__Task description__
Without the pictures, set down everything in the listing exactly.

__Data shown__
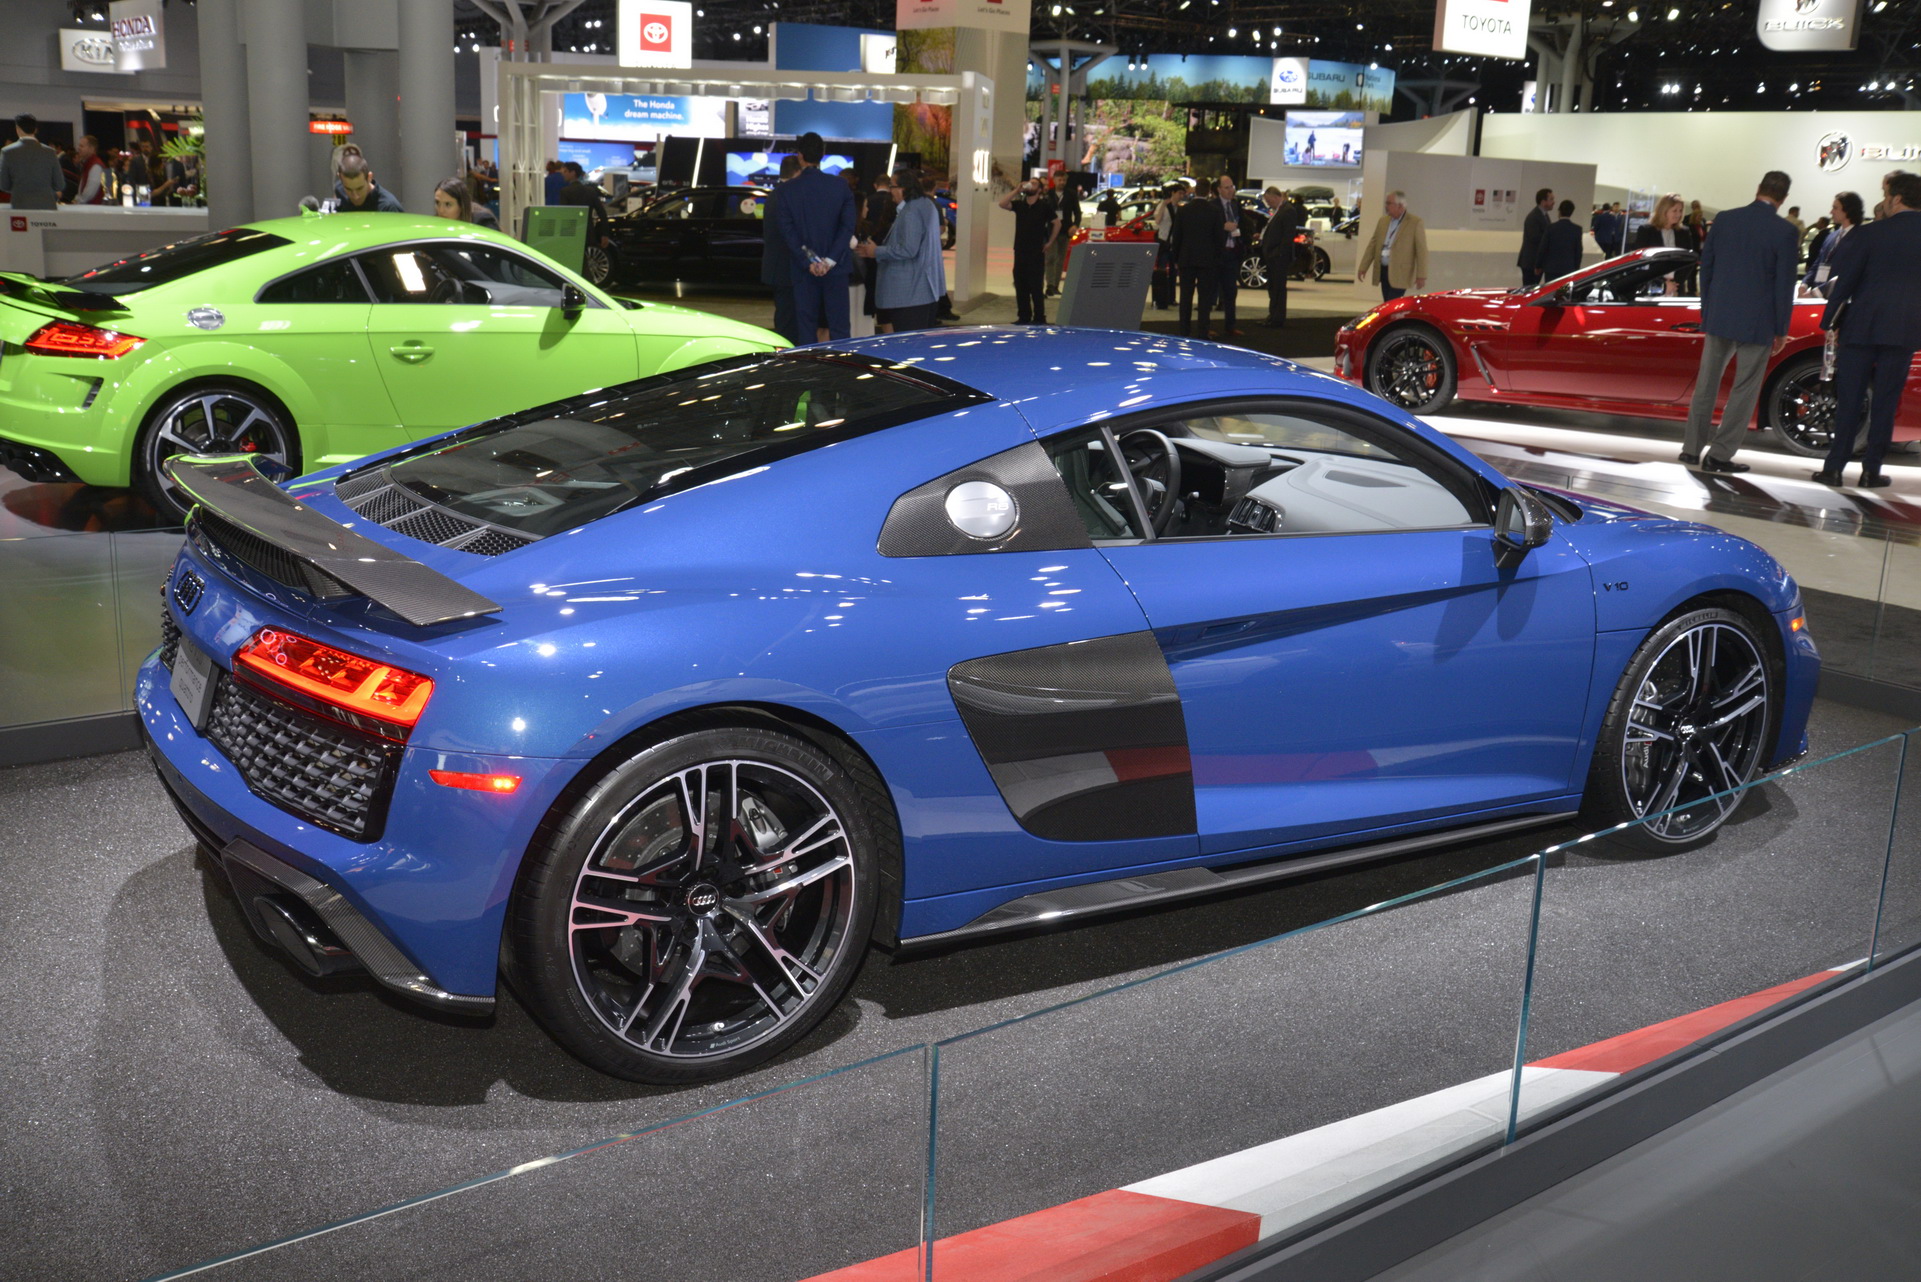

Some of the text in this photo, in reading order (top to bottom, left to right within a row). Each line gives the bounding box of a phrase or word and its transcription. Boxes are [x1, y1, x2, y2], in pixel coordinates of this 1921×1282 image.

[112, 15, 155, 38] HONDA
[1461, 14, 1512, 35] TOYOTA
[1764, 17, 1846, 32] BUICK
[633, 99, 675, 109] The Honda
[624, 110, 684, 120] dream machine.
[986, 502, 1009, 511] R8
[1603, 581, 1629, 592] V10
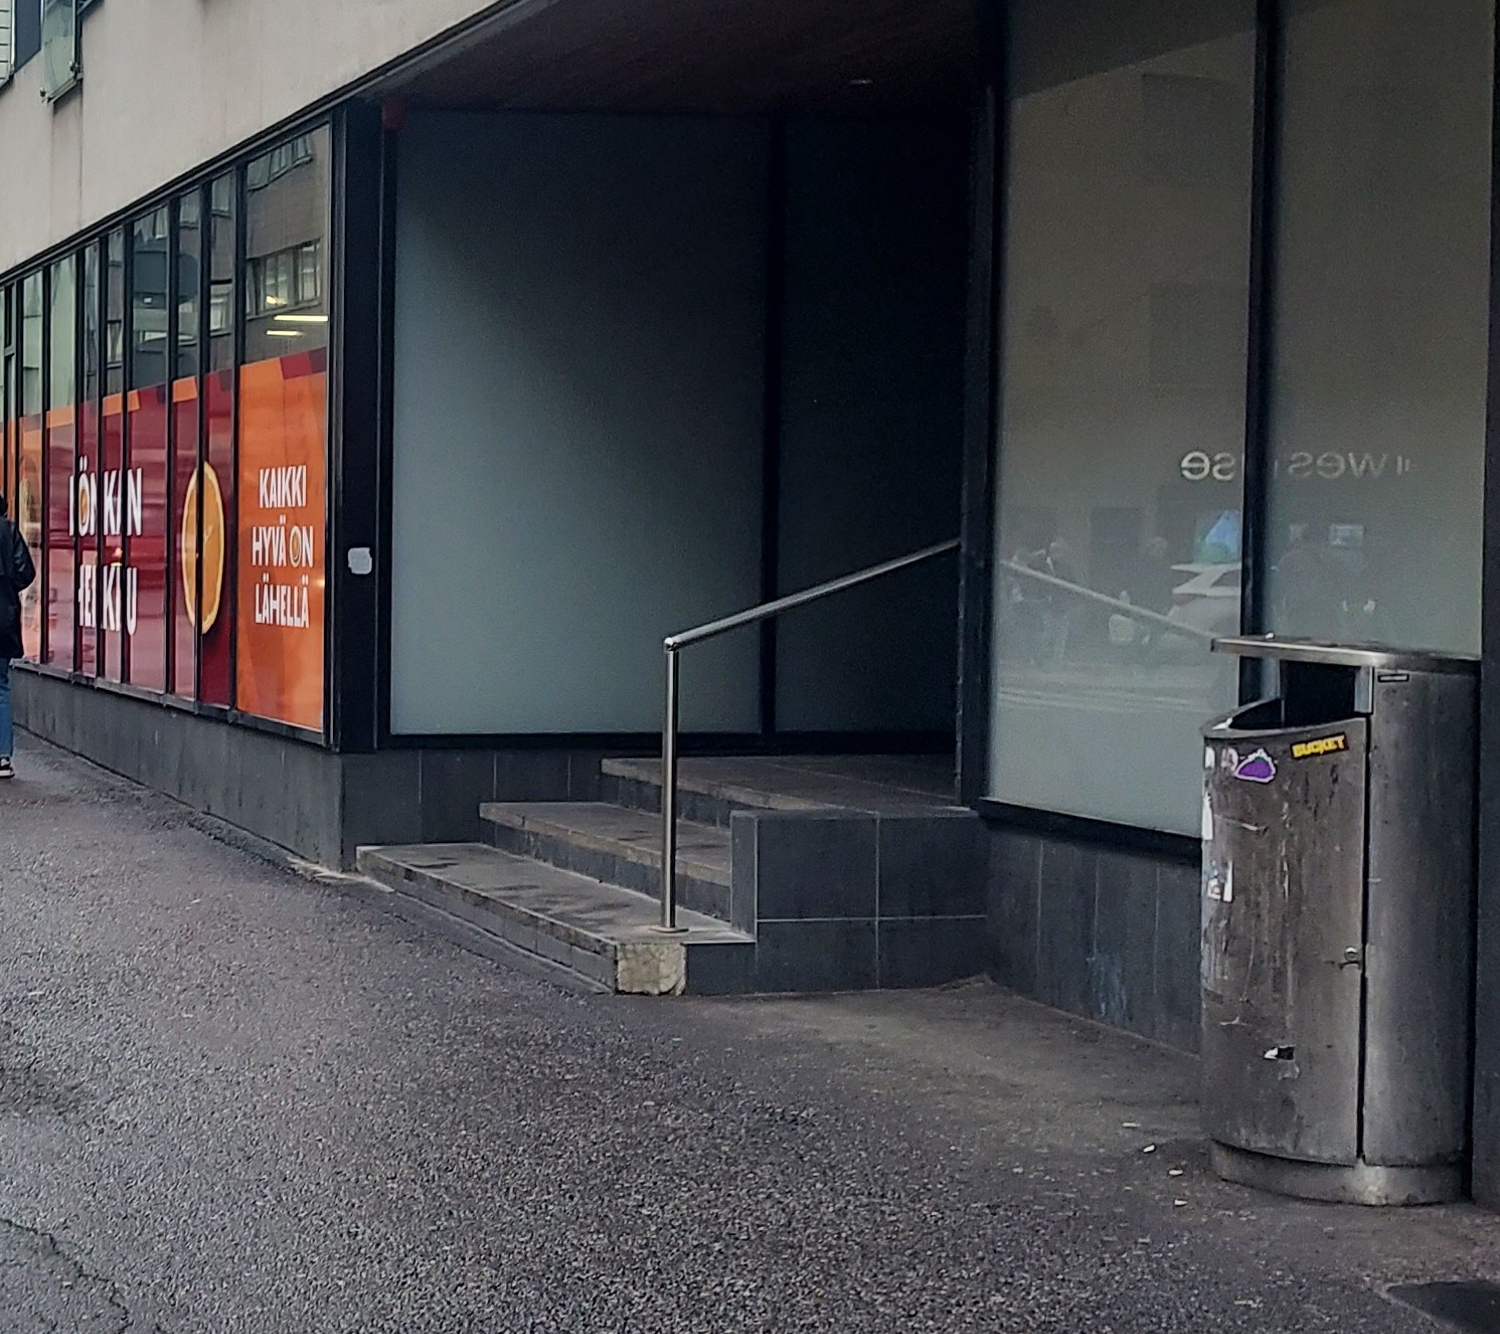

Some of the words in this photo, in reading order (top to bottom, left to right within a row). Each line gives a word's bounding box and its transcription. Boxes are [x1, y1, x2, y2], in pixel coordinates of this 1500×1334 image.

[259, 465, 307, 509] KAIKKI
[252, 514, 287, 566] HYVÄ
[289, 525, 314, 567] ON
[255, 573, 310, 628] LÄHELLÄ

__Response to the exercise__
Some of the text in this photo, in reading order (top to bottom, left to right within a row). Each line gives the bounding box of a phrase or word and its transcription. Boxes are [x1, y1, x2, y2], in pixel coordinates of this 1921×1282 image.

[112, 15, 155, 38] HONDA
[1461, 14, 1512, 35] TOYOTA
[1764, 17, 1846, 32] BUICK
[633, 99, 675, 109] The Honda
[624, 110, 684, 120] dream machine.
[986, 502, 1009, 511] R8
[1603, 581, 1629, 592] V10

Some of the words in this photo, in reading order (top to bottom, left to right within a row). Each line gives a word's bounding box and its transcription. Boxes are [x1, y1, x2, y2], in pixel coordinates of this 1500×1334 image.

[259, 465, 307, 509] KAIKKI
[252, 514, 287, 566] HYVÄ
[289, 525, 314, 567] ON
[255, 573, 310, 628] LÄHELLÄ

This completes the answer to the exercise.